Especially this evening when the dark is cool and damp and smells of the transition to fall, and rain clouds sift across a full moon.
So here I now sit, dripping and thinking of my friends.
One who recently lost her mother. One who lost her son a year and a half ago. One who lost her daughter a year ago. Of another who lost her brother a short few months ago. And I thought of my siblings, we five orphans, who lost our parents years ago.
There’s that horrible old adage that time heals all, but everyone knows that’s not true. No matter what you’re grieving. The death of a loved one. A cancer diagnosis. The loss of a pet. So very, very many things that cut our hearts.
I think what time does, is leave that wound of grief deep and bleeding and raw without any healing at all.
But what time also does is allow us to be distracted. To get caught up in our daily lives, to slowly move. Not move past the loss. Certainly not move beyond that grief. But to simply move with the flow of life. Jobs and responsibilities and mundane things like what to fix for dinner, or the need to pick up mail. To move with the life that pulls us along with love and laughter.

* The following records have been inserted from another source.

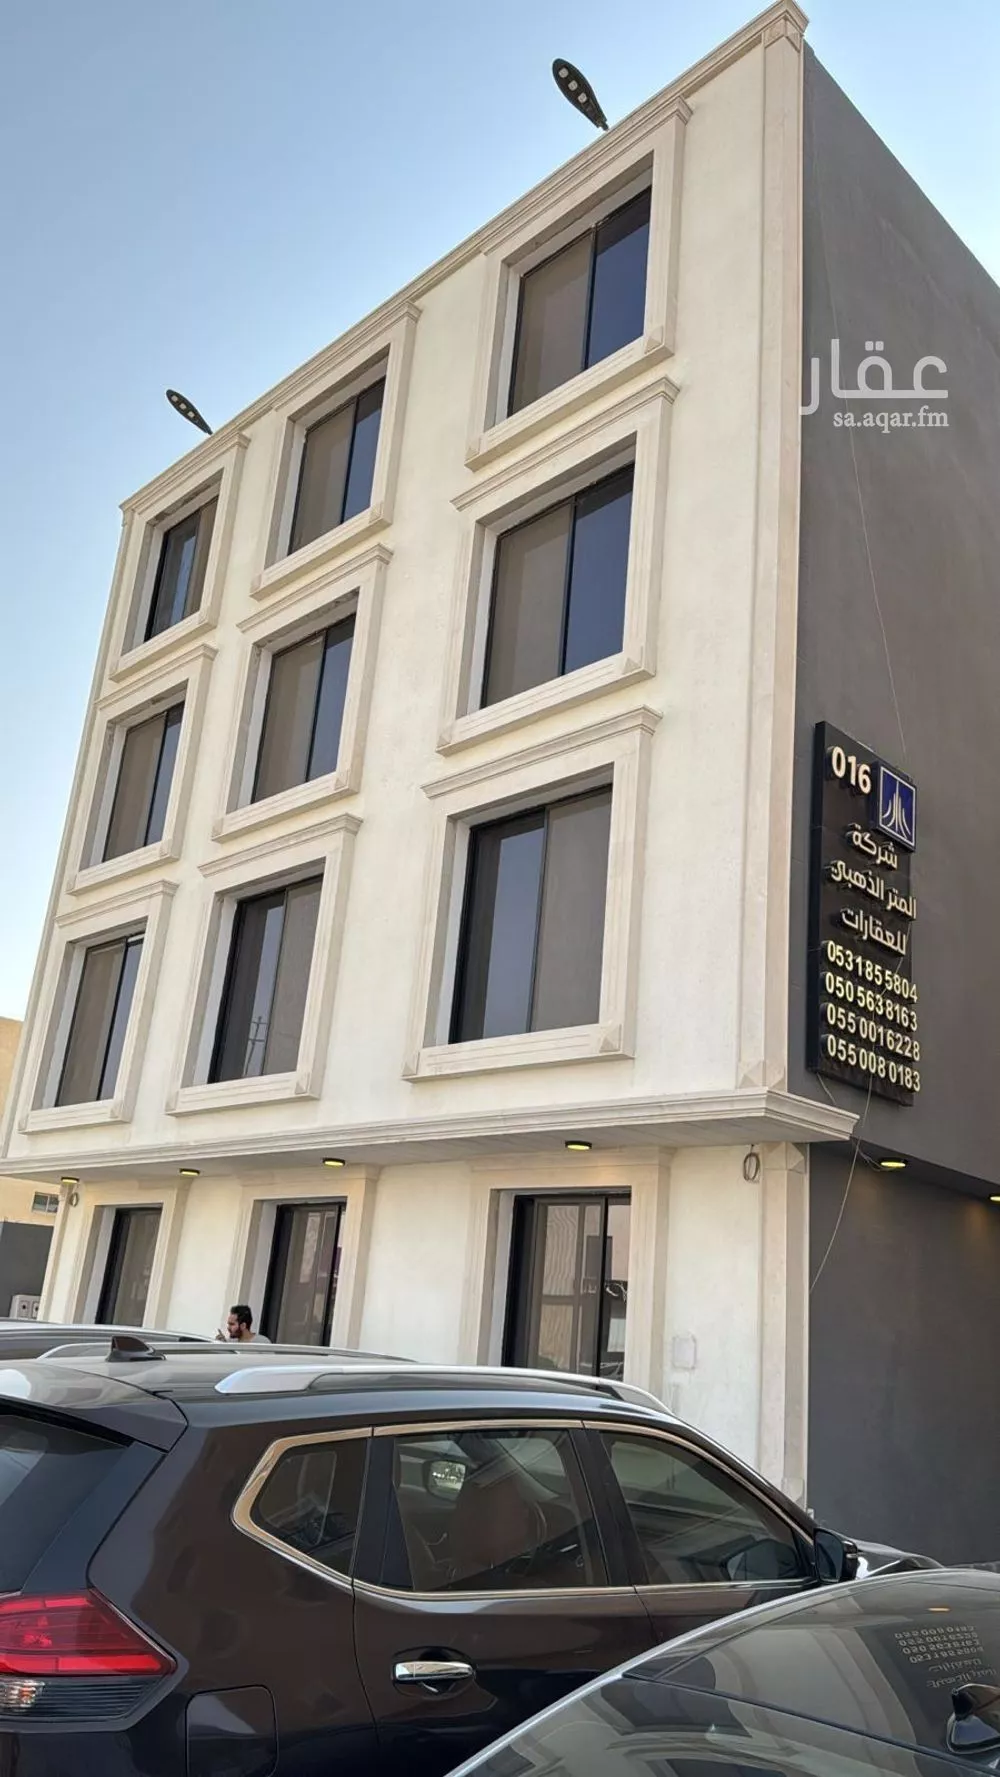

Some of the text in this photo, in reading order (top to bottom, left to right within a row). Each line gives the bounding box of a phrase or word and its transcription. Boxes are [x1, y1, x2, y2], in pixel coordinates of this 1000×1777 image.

[831, 746, 871, 794] 016
[851, 823, 898, 869] شركة
[830, 860, 917, 919] المتر الذهبي
[841, 909, 907, 955] للعقارات
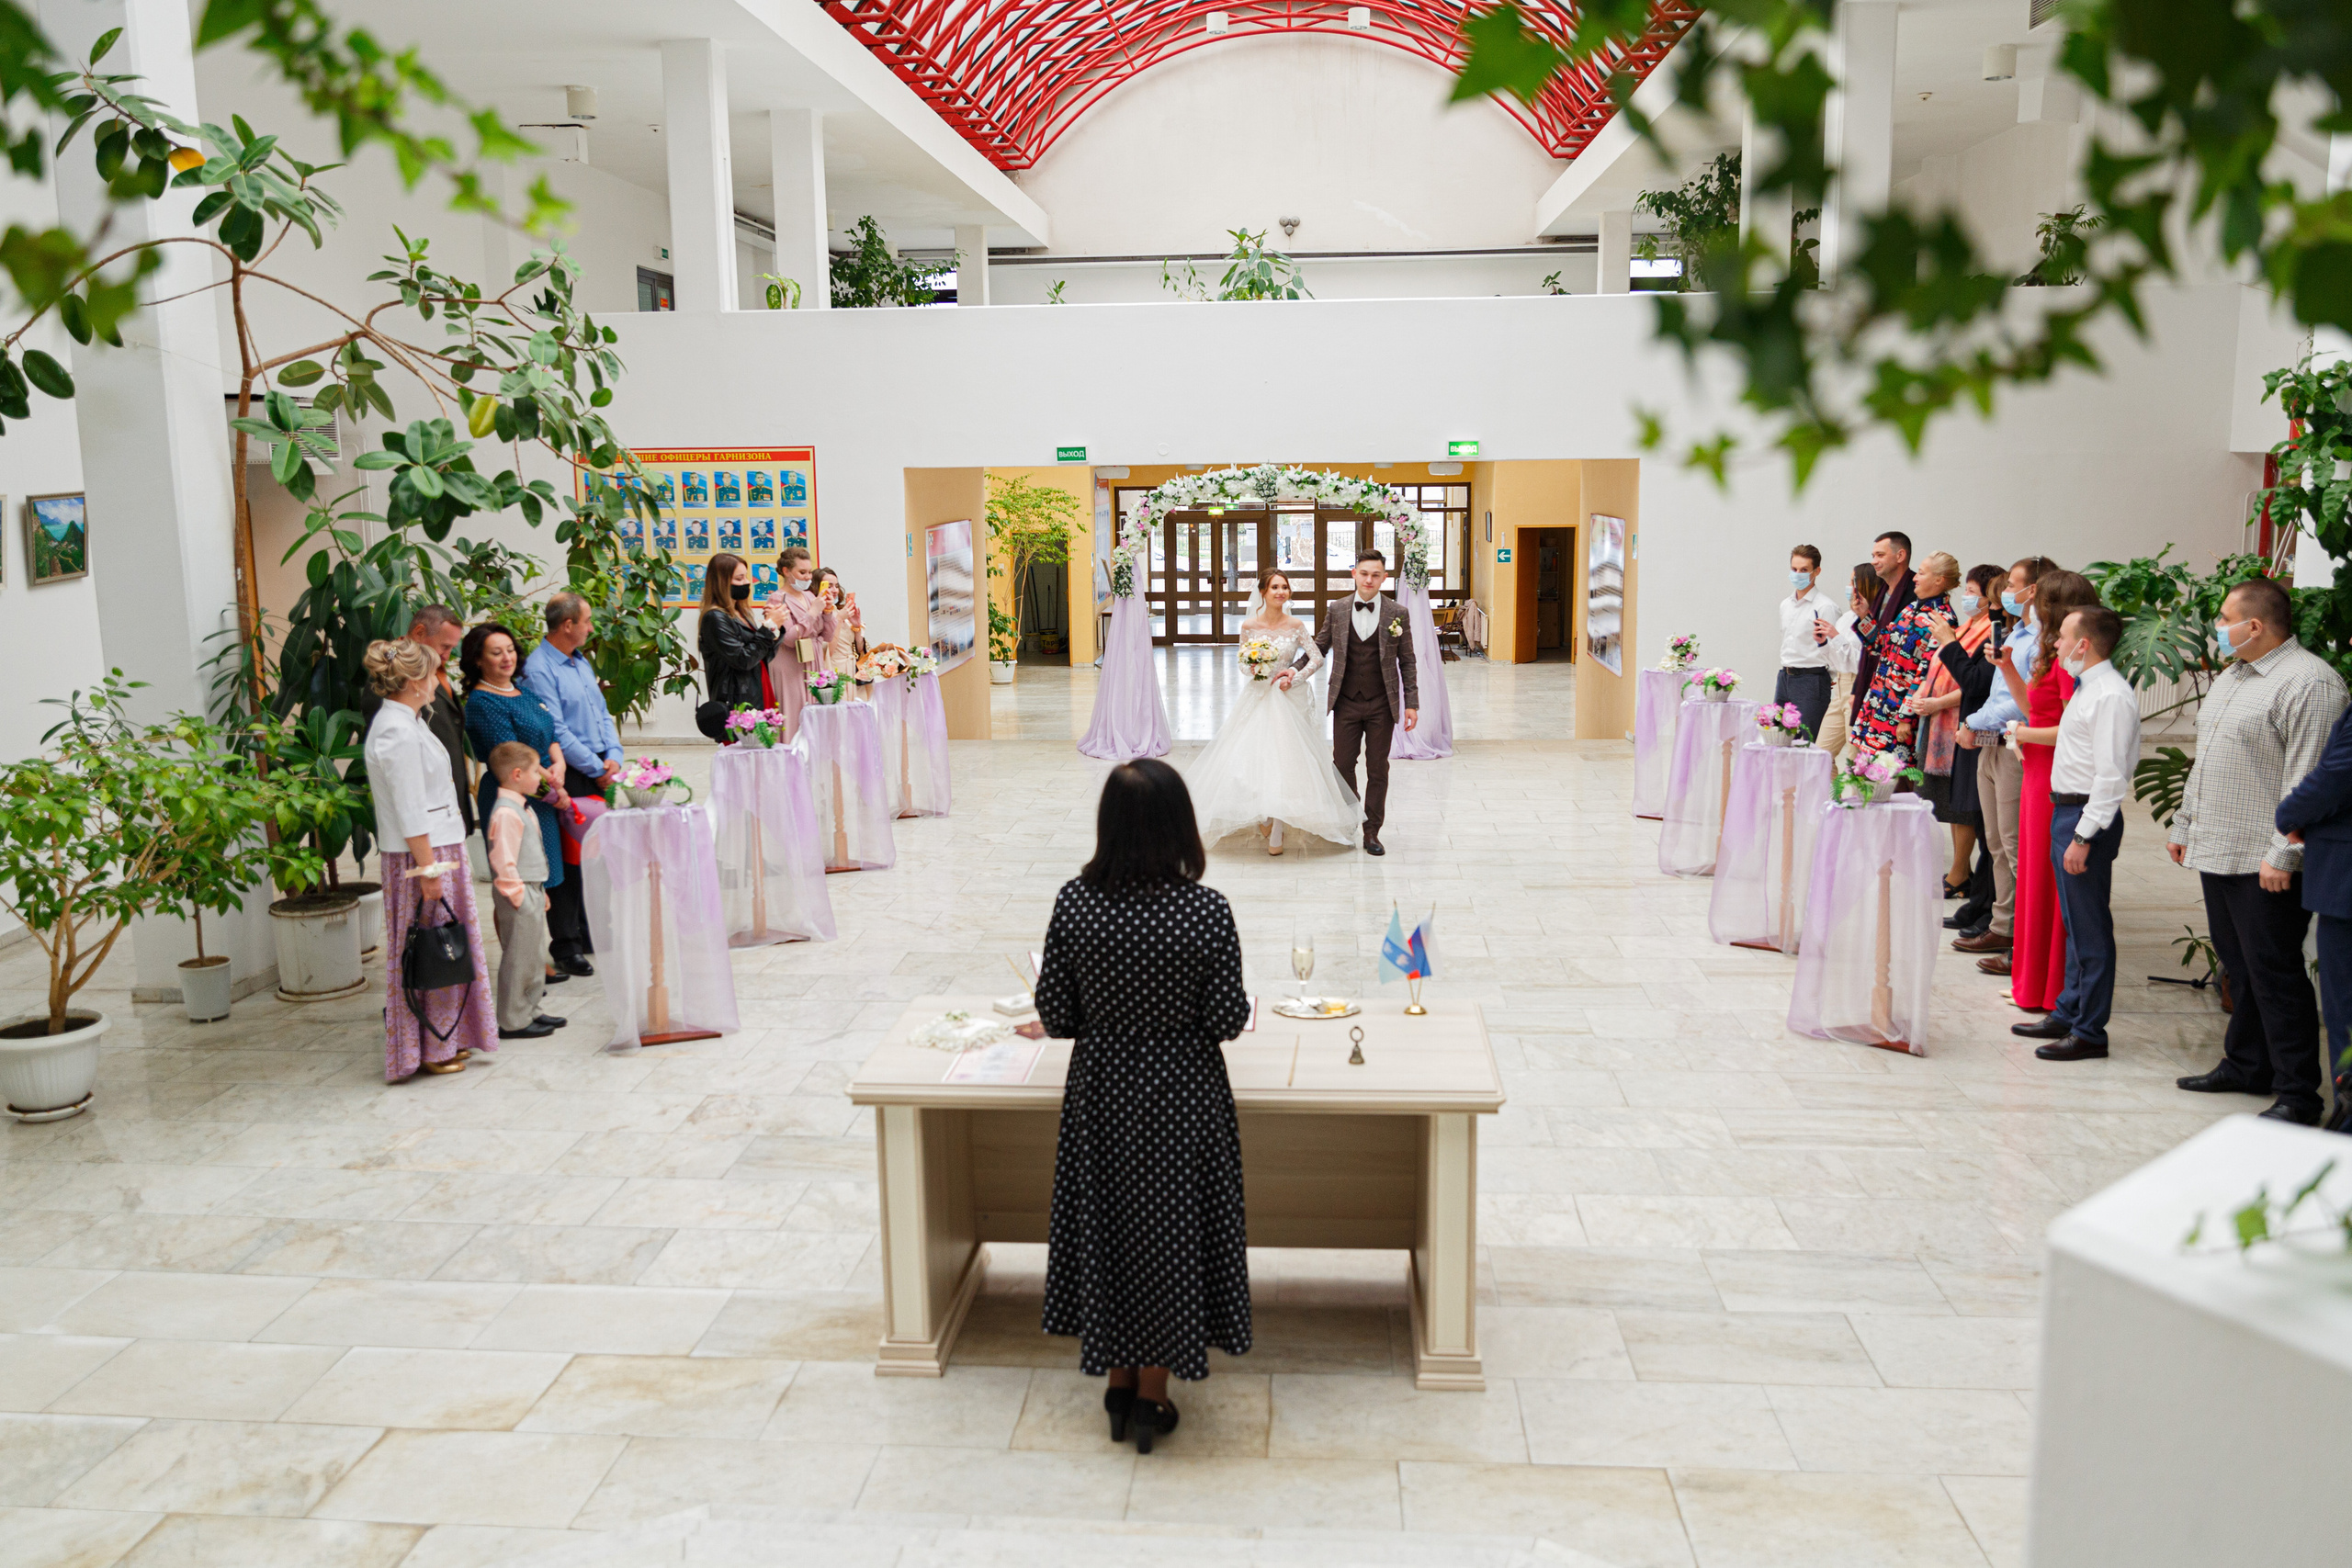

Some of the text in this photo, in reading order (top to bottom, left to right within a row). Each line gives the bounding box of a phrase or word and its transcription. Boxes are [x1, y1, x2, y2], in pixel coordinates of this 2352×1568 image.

We find ourselves happy. Maybe with guilt, maybe not joyful, maybe not even content. But still within moments where we surprise ourselves with feeling at peace, somehow.
Obviously the wound is carried with us in those moments of living life and moving on, because, really, we never move on. Even as we go through our daily lives and find that happiness, we’re still partially stuck, back in that moment when life changed.
Or when life ended.
That doesn’t mean we don’t celebrate life. We do. Maybe even more so when we’ve lost someone. Not all of us, of course. That’s the harder, darker side of grieving that I’m not thinking about this evening, although there are people I care about who have been in those shadowy spaces.
I’m just thinking about how we move with the tide of life, slip back into that flow, let time tug us along like an undertow. And how we get caught back up in that current.
Even if we bring along the weight of a wound that never fully heals.